Slash sente mais orgulho de “Coma”, uma faixa de mais de 10 minutos lançada no álbum Use Your Illusion I (1991), do que de muitas das músicas que se tornaram hits do Guns N’ Roses. A diferença: “Coma” nunca foi single, raramente entra em setlists e representa exatamente o tipo de experimentação que a banda deixaria de lado nos anos seguintes — quando a fama e a pressão comercial dominaram a criatividade dos músicos.
Como Slash compôs “Coma” do Guns N’ Roses?
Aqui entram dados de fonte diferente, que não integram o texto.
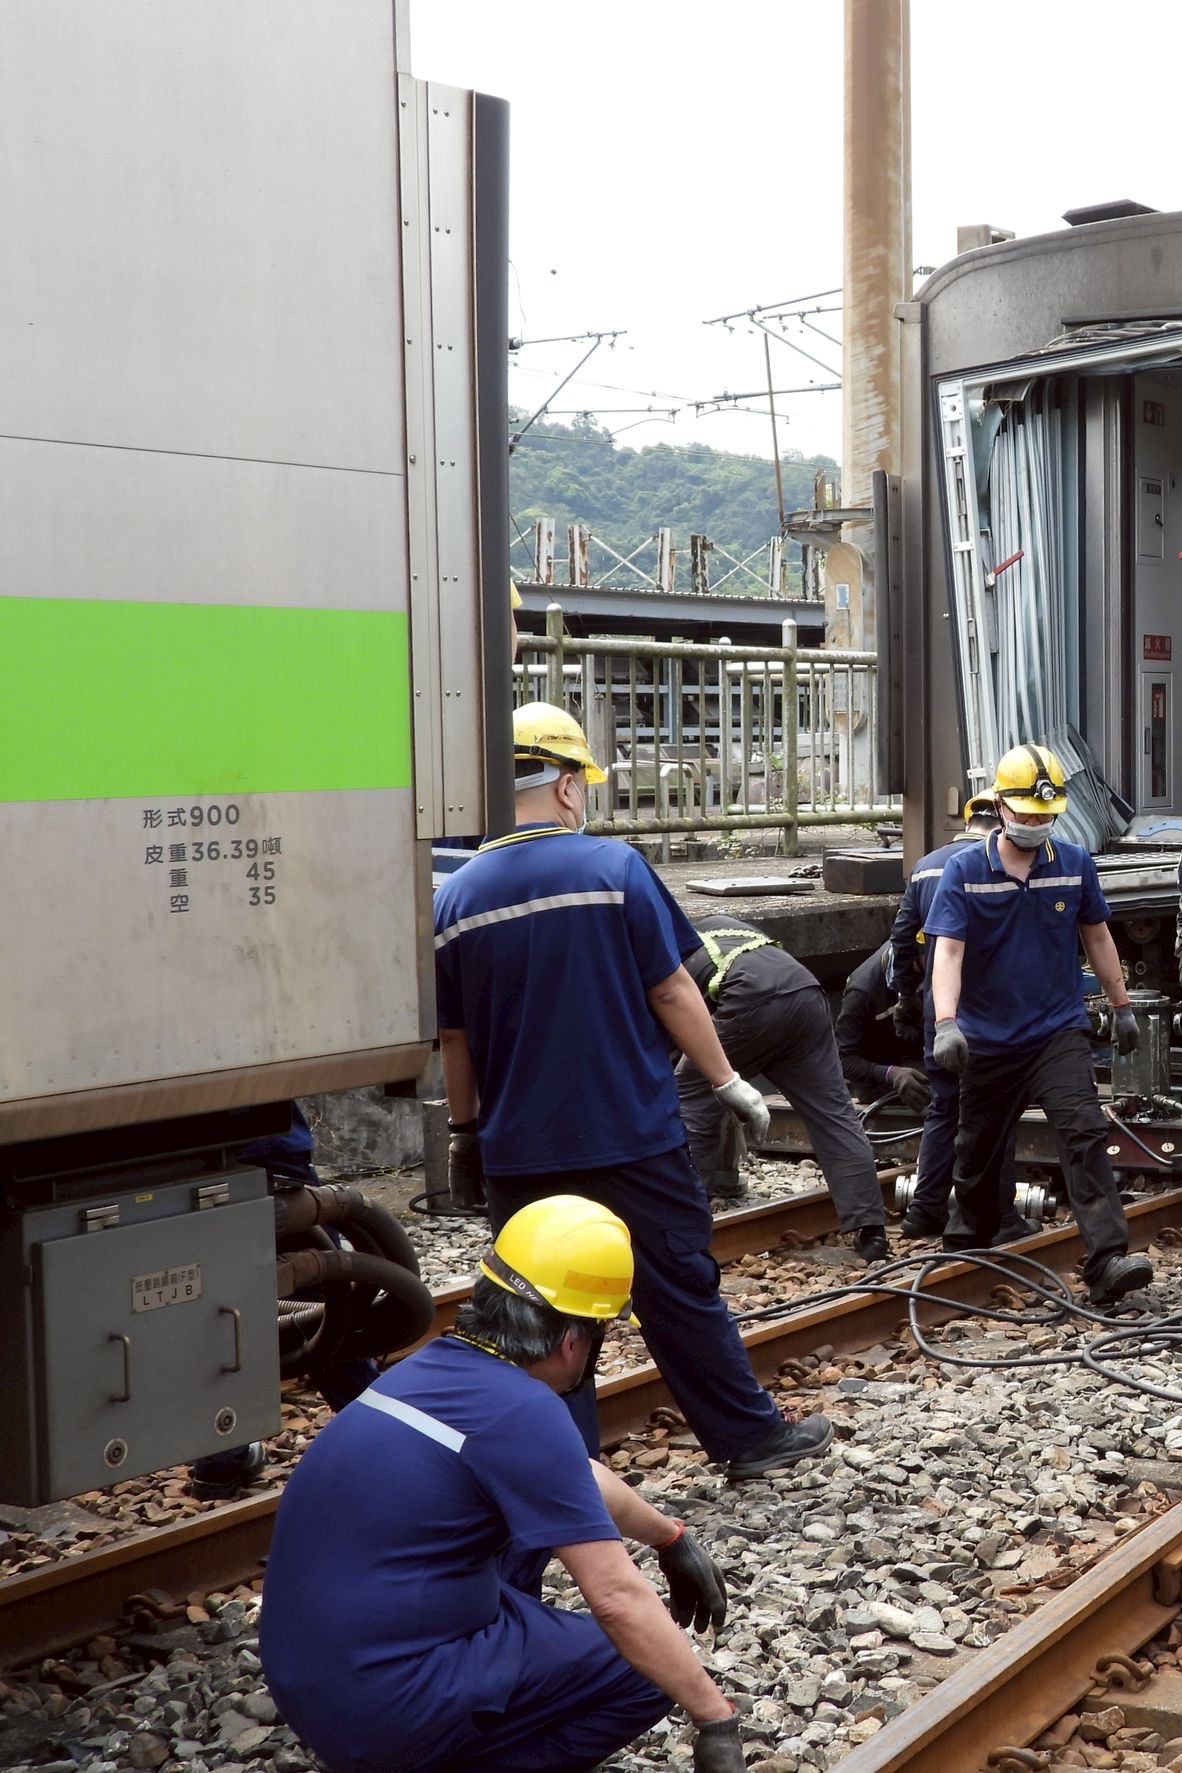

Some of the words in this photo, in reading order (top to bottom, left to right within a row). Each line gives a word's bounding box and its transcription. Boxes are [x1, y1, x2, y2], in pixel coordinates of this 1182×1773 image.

Em entrevista a uma revista especializada em 2011, o guitarrista foi direto: compôs a faixa durante um episódio de abuso de heroína, num estado que ele próprio descreve como “delírio”. Mas a confissão não vem carregada de glamour — é a admissão de que o acaso musical aconteceu justamente quando a lucidez não estava presente.
O que intriga Slash na própria composição é o final da música. Segundo ele, desenvolveu “uma sequência de acordes circular sem fim: a mesma sequência, mas ficava mudando o tom”. Ele chamou isso de sua “descoberta musical matemática” — não uma estrutura calculada nos mínimos detalhes, mas algo que “esbarrou” e funcionou organicamente. Essa abordagem resume como Slash trabalha: instintiva, visceral, sem fórmulas prontas.
Por que Axl Rose demorou um ano para escrever a letra de “Coma”?
Se a composição de Slash emergiu de um momento fugidio e delirante, a letra de Axl Rose seguiu caminho oposto: levou quase um ano para sair. Mas quando veio, explodiu de uma só vez.
Em declaração anterior, Axl descreveu o processo como angustiante. A estrutura guitarra que Slash criou o deixava perplexo: “Eu costumava amaldiçoá-lo, pensando: ‘Cara, aquele filho da mãe escreveu essa coisa e eu tenho que escrever sobre ela e não sei o que escrever'”. A pressão era tanta que o vocalista questionava suas próprias capacidades como compositor. Mas quando finalmente a letra emergiu, principalmente no “segmento final”, Axl sentiu alívio e catarse — a música capturava situações que ele tinha dificuldade de expressar de outra forma.
O conteúdo lírico não era casual: Axl descrevia uma overdose que sofreu durante o auge do sucesso, numa época em que a banda estava no topo e o vocalista estava tocando fundo. Isso explica por que “Coma” não é apenas uma faixa instrumentalmente complexa — é um documento da autodestruição da banda em tempo real, mascarada de experimentação artística.
Por que “Coma” nunca foi single mesmo sendo tão importante para Slash?
Com mais de 10 minutos de duração e sem refrão algum, “Coma” desafia toda a lógica comercial de um single. Numa era em que o rock ainda precisava de hooks memoráveis e estruturas de três minutos para ganhar espaço no rádio, uma canção dessa escala épica e ambiental seria suicídio comercial.
Mas há mais: mesmo durante o apogeu do Guns N’ Roses, a música raramente entrava nos shows. A banda tocou “Coma” de forma esporádica, priorizando seus maiores sucessos e composições mais imediatas. A faixa só se tornou mais recorrente a partir de 2016, quando Slash retornou à formação da banda — um passo que sugeriu maior liberdade para explorar o catálogo além dos hits consolidados.
Ainda hoje, “Coma” não é presença garantida nos setlists. Provavelmente porque sua duração e estrutura a colocam como uma peça de museu: admirada, reverenciada entre fãs e músicos, mas impraticável na economia de um show moderno onde as pessoas querem energia constante.
O que “Coma” revela sobre o Guns N’ Roses de 1991?
Enquanto o restante de Use Your Illusion I trazia a banda em seu pico comercial — capricha na produção, arranjos espetaculares, ambição épica — “Coma” é um acidente glorioso. É o que acontece quando dois dos maiores criadores da banda se encontram num momento de fragilidade absoluta e conseguem fazer arte justamente porque a lucidez saiu do caminho.
A faixa contrasta com o trajeto posterior da banda. Depois de 1991-1992, o Guns N’ Roses se tornaria cada vez mais calculado, corporativo, destruído por egos e dinâmicas comerciais. “Coma” é o último suspiro de uma criatividade sem rede de segurança — uma que só emergiu porque Slash estava numa delírio e Axl tinha um ano para processar o caos emocional de ser o vocalista de uma banda que estava queimando.
Para Slash, esse é o trabalho que o enche de orgulho. Não “Welcome to the Jungle”, não “Sweet Child O’ Mine” — uma faixa que quase ninguém toca, que a maioria das pessoas nunca ouviu, que nunca rendeu um centavo em royalties de rádio. A descoberta musical matemática acidental, nascida da pior forma possível, é a que fica.